Privacy protections also govern what happens with your results. When insurers report medical information to the Medical Information Bureau (MIB), a shared database used by insurance companies, positive HIV-related results are recorded using a generic code that indicates only a “nonspecific blood test abnormality,” not an explicit HIV diagnosis. Normal results are not reported at all. Any disclosure of HIV-related information through the MIB must be accompanied by a confidentiality notice, and further sharing requires your written consent.
Policy Types That Skip the Blood Test
If you want to avoid a medical exam entirely, two types of policies don’t require one:
- Simplified issue policies require you to answer a short medical questionnaire but skip the blood draw. Some insurers may ask for a doctor’s note or additional medical records, but there’s no lab work. The questionnaire may still ask about HIV status directly.
- Guaranteed issue policies require no medical questions and no exam. Acceptance is automatic. These policies are available to almost anyone regardless of health status.
The tradeoff is cost and coverage. Both types carry higher premiums than medically underwritten policies, and guaranteed issue policies typically come with lower coverage limits and a waiting period (usually two to three years) before the full death benefit kicks in. During that waiting period, if the policyholder dies, beneficiaries generally receive only a refund of premiums paid rather than the full payout.
Getting Coverage If You’re HIV Positive
Being HIV positive no longer means an automatic denial from every insurer. For decades, a positive test result was essentially a disqualifier for individual life insurance. That began to change as antiretroviral therapy transformed HIV from a terminal diagnosis into a manageable chronic condition. Guardian Life became one of the first major insurers to offer individual life insurance to people living with HIV, a move covered by PBS NewsHour as a significant industry shift.
The underwriting criteria for HIV-positive applicants are strict but achievable for many people on effective treatment. To qualify at Guardian, for example, you need to meet all of the following:
- Age between 20 and 65
- On antiretroviral therapy for at least two years with favorable lab results
- Undetectable viral load
- CD4 count (a measure of immune system strength) above 350, with no history of it dropping below 200
- No AIDS-defining illness
- No active hepatitis B, and hepatitis C must be either negative or cured
- No intravenous drug use within the last seven years
- Under the care of a doctor who specializes in HIV treatment
Each application is individually underwritten, meaning the insurer reviews your specific medical history rather than applying a blanket rule. Premiums for HIV-positive applicants are higher than for someone without the condition, though exact pricing varies by insurer and depends on your overall health profile.

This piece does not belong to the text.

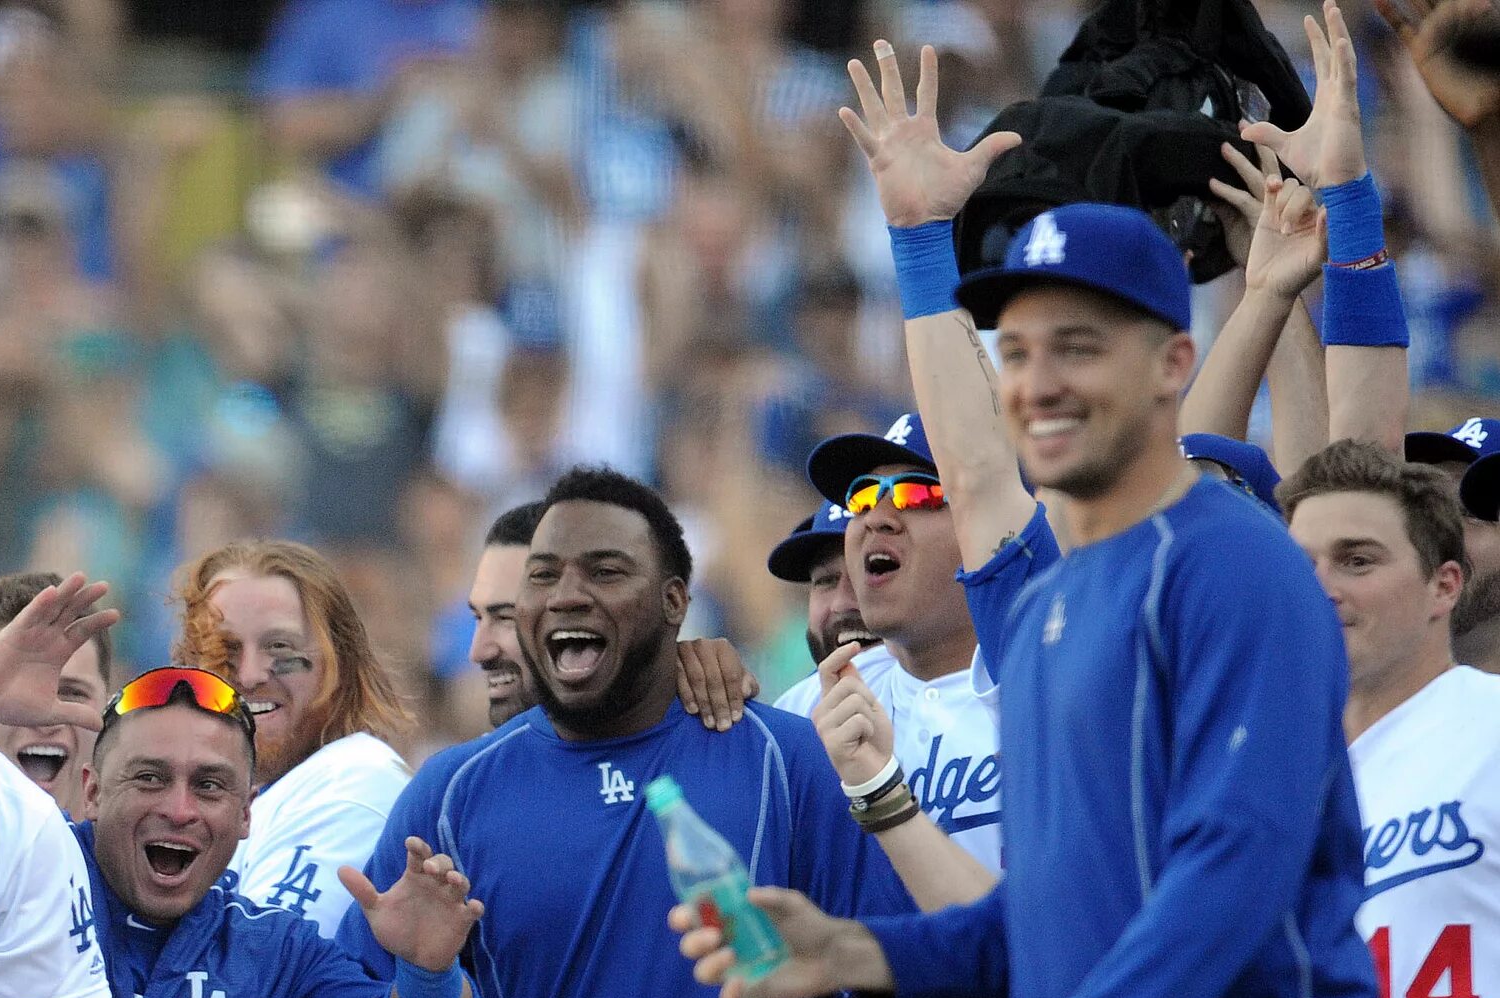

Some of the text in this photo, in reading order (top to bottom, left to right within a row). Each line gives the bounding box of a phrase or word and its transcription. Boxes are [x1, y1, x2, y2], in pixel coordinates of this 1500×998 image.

How Results Affect Future Applications
If you test positive for HIV during one insurance application, that information can follow you. Insurers who are members of the MIB report coded medical findings to the shared database, and other insurers can access those records when you apply elsewhere. The code won’t say “HIV” explicitly, but it flags a blood test abnormality that will prompt the next insurer to investigate further.
You have the right to request your MIB file and dispute any inaccuracies, similar to how you can review your credit report. Insurers are also required to notify you at the time of application about their information-sharing practices, including whether they report to the MIB and what types of data they may disclose. Life and health insurers are specifically exempt from the broader confidentiality restrictions that apply to HIV-related information in most states, but only when the disclosure happens in connection with underwriting or processing claims.
If you’re concerned about privacy and want to explore your options before committing to a medically underwritten policy, working with an independent insurance broker who has experience with HIV-positive clients can help you identify which companies are most likely to offer favorable terms based on your health profile.